* [Material for this exercise]
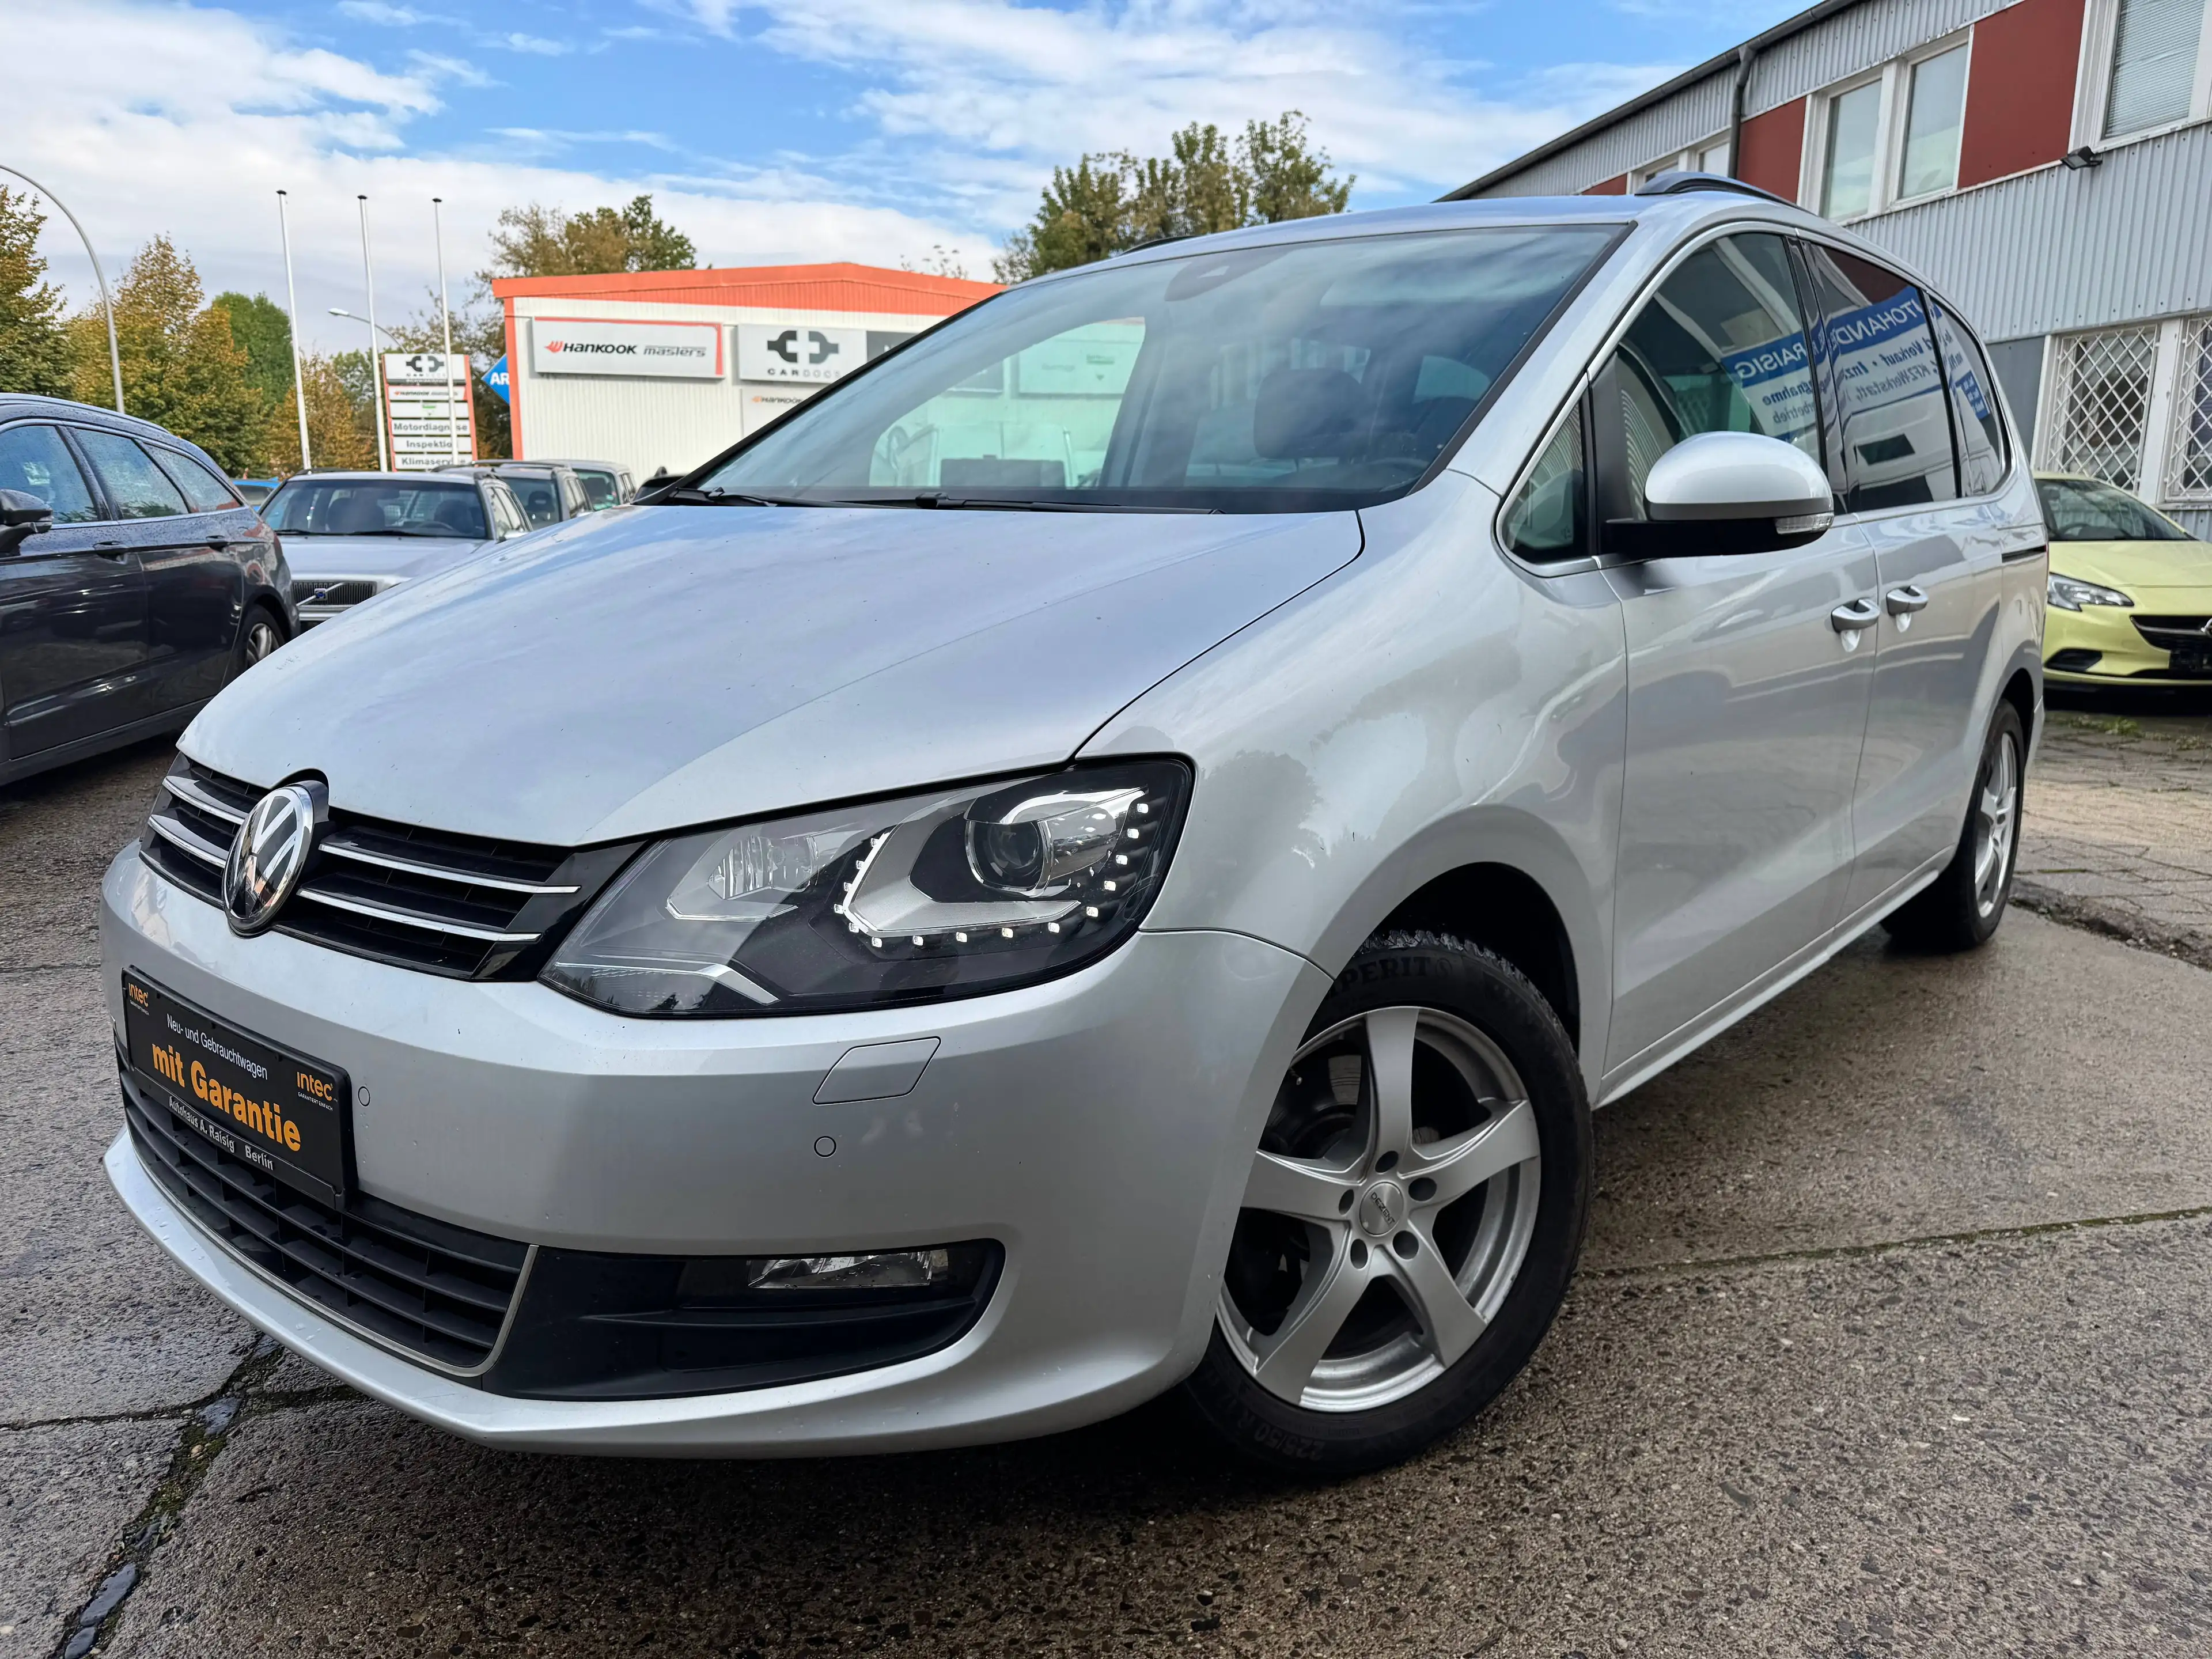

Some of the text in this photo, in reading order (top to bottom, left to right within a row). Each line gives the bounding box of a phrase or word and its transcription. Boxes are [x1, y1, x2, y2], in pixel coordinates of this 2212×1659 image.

[393, 423, 468, 432] Motordiagnse
[406, 440, 453, 449] Inspektio
[1332, 956, 1431, 995] PERIT
[166, 1013, 268, 1080] Neu- und Gebrauchtwagen
[151, 1043, 301, 1152] mit Garantie
[169, 1096, 198, 1128] Autohaus
[209, 1124, 235, 1153] Raisig
[245, 1145, 274, 1171] Berlin
[1370, 1191, 1395, 1225] DEZENT
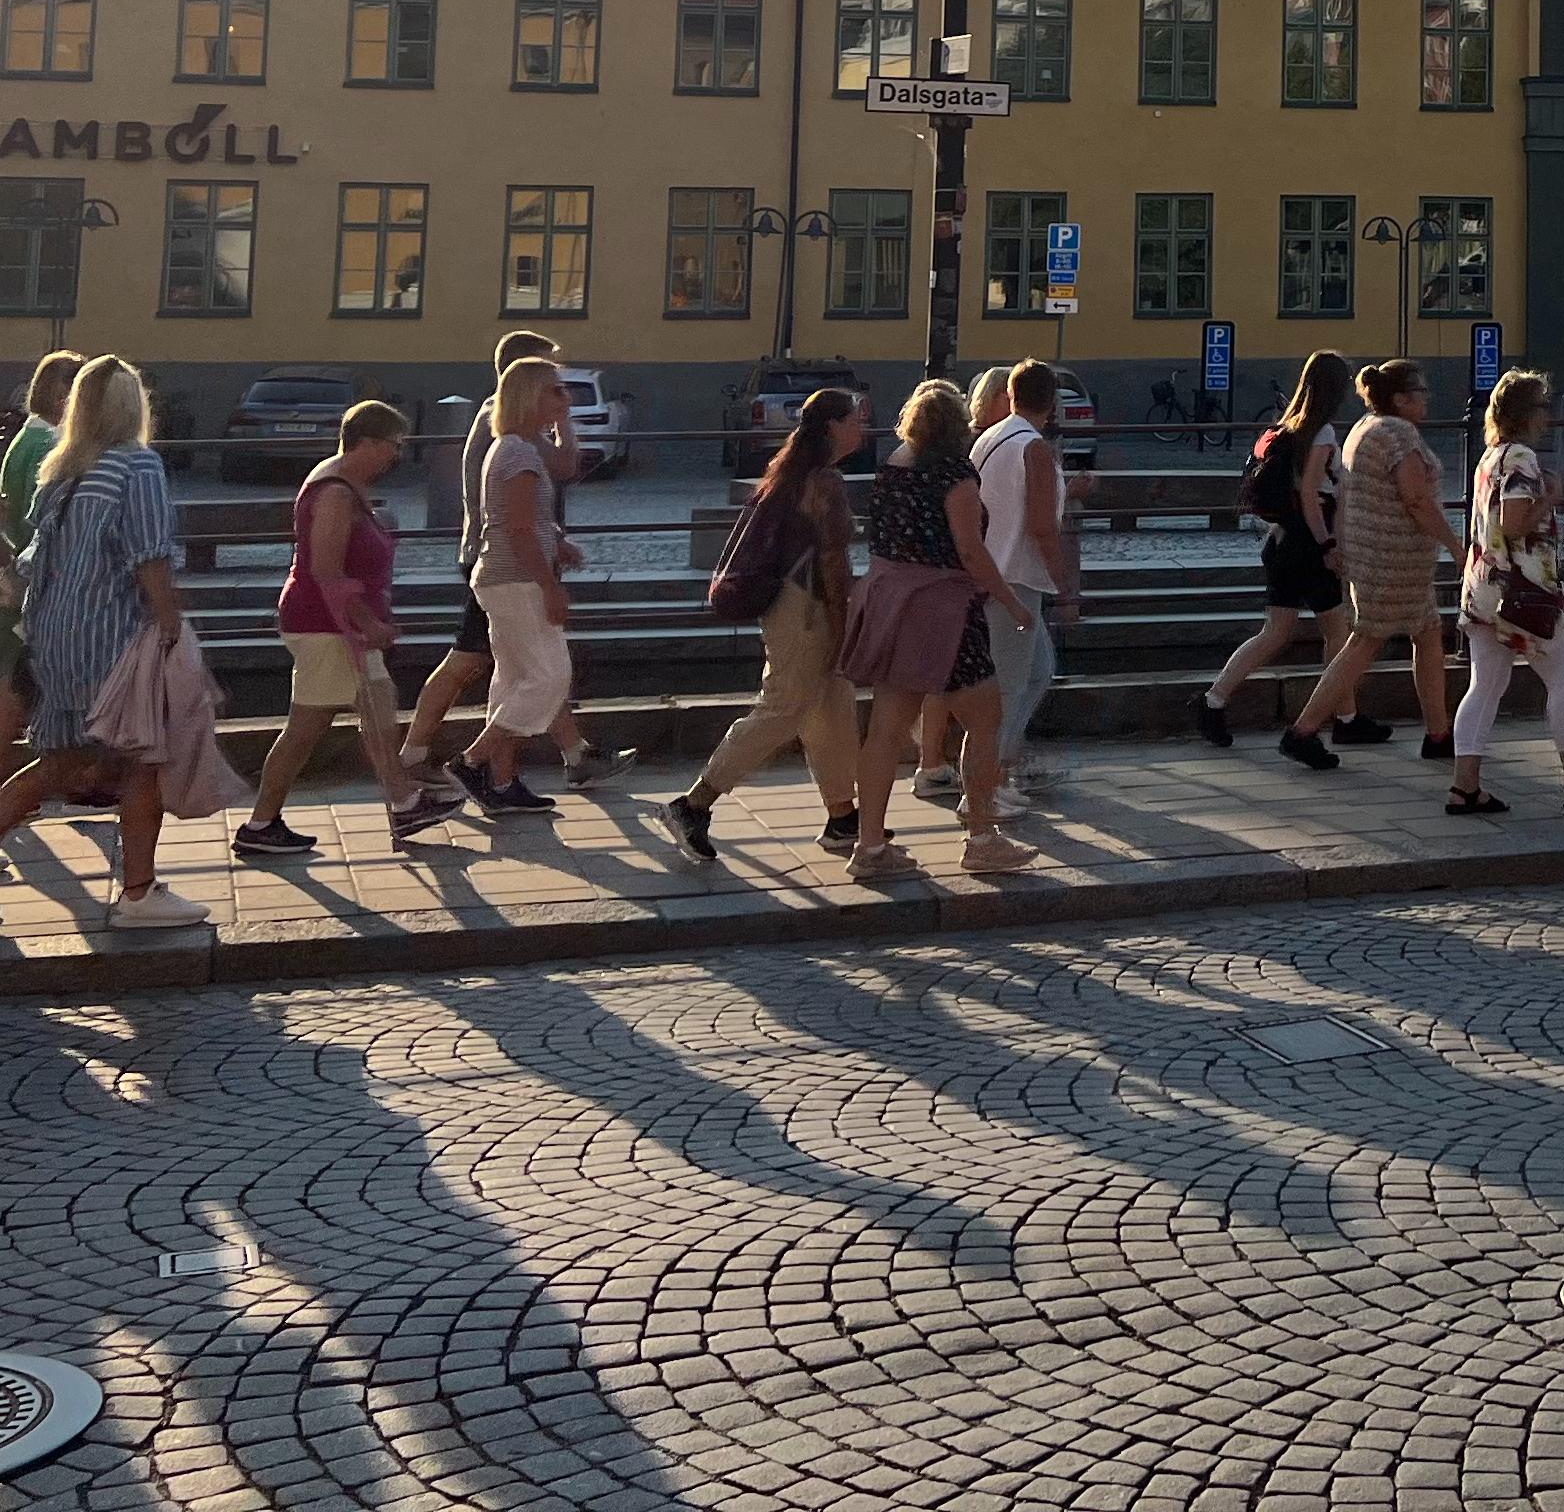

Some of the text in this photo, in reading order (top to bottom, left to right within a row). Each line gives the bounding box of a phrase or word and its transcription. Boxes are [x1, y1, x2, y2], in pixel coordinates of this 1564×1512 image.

[1057, 227, 1073, 248] P
[1213, 328, 1225, 344] P
[1481, 330, 1491, 345] P
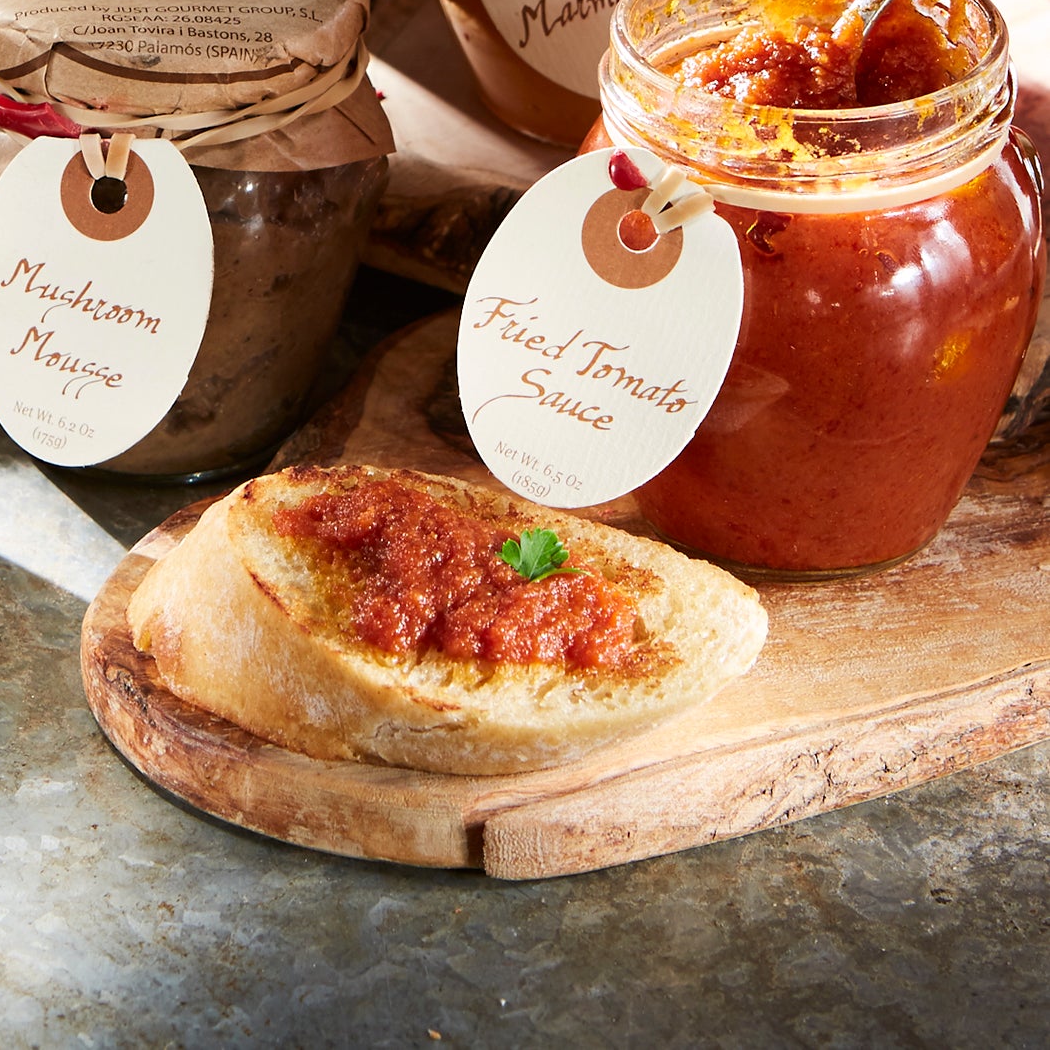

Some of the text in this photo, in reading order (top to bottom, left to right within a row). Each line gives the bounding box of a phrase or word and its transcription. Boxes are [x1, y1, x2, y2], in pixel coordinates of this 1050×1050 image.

[13, 3, 325, 24] Produced by JUST GOURMET GROUP, S.L.
[101, 13, 242, 26] RGSEAA: 26.08425
[72, 24, 127, 37] C/Joan
[131, 25, 176, 36] Tovira
[186, 26, 251, 43] Bastons,
[254, 30, 274, 43] 28
[137, 39, 202, 56] Palamós
[0, 257, 163, 335] Mushroom
[9, 324, 125, 400] Mousse
[471, 296, 699, 415] Fried Tomato
[471, 367, 617, 432] Sauce
[12, 399, 96, 440] Net Wt. 6.2 Oz
[31, 425, 69, 451] (175g)
[494, 439, 584, 493] Net Wt. 6.5 Oz
[510, 469, 552, 499] (185g)
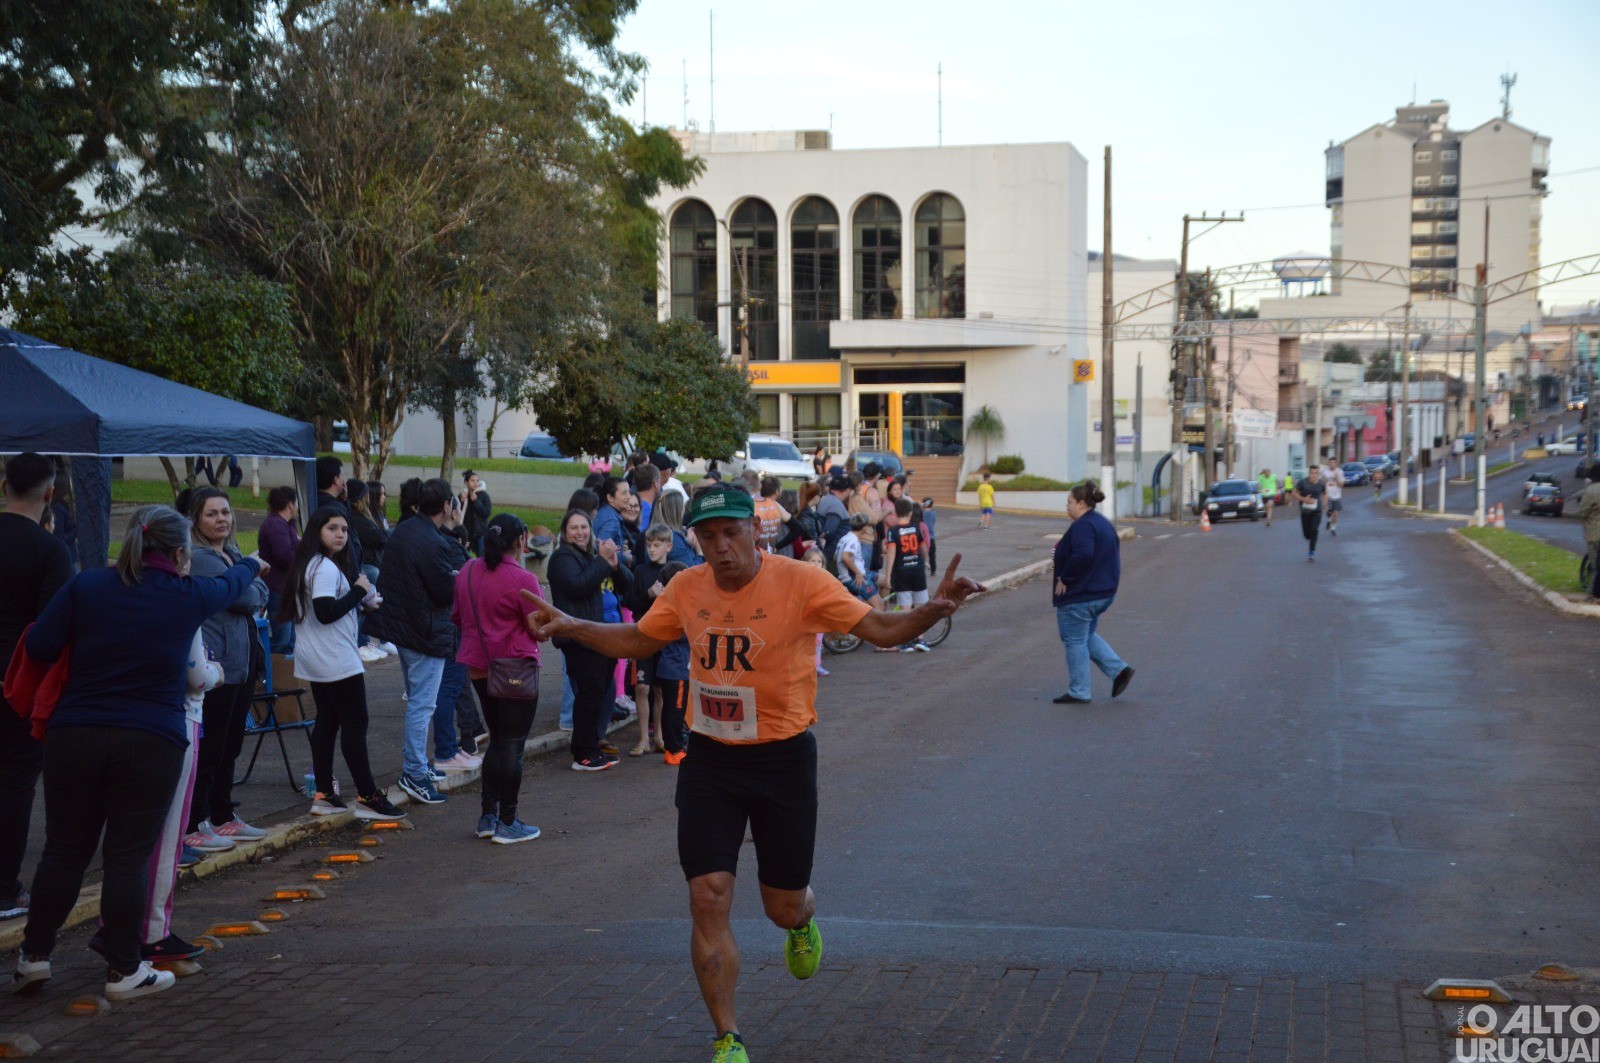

* [Exercise instructions] The reply needs to repeat exactly the line containing "this 1050×1050 image." and each line after it, through the final line of the entries above, and to skip the pictures.

* [Reply to the task]
Some of the text in this photo, in reading order (top to bottom, left to right within a row). Each line gives the bounding box of a phrase or word and its transcription. Boxes are [x1, y1, x2, y2], in pixel coordinates of this 1050×1050 image.

[13, 3, 325, 24] Produced by JUST GOURMET GROUP, S.L.
[101, 13, 242, 26] RGSEAA: 26.08425
[72, 24, 127, 37] C/Joan
[131, 25, 176, 36] Tovira
[186, 26, 251, 43] Bastons,
[254, 30, 274, 43] 28
[137, 39, 202, 56] Palamós
[0, 257, 163, 335] Mushroom
[9, 324, 125, 400] Mousse
[471, 296, 699, 415] Fried Tomato
[471, 367, 617, 432] Sauce
[12, 399, 96, 440] Net Wt. 6.2 Oz
[31, 425, 69, 451] (175g)
[494, 439, 584, 493] Net Wt. 6.5 Oz
[510, 469, 552, 499] (185g)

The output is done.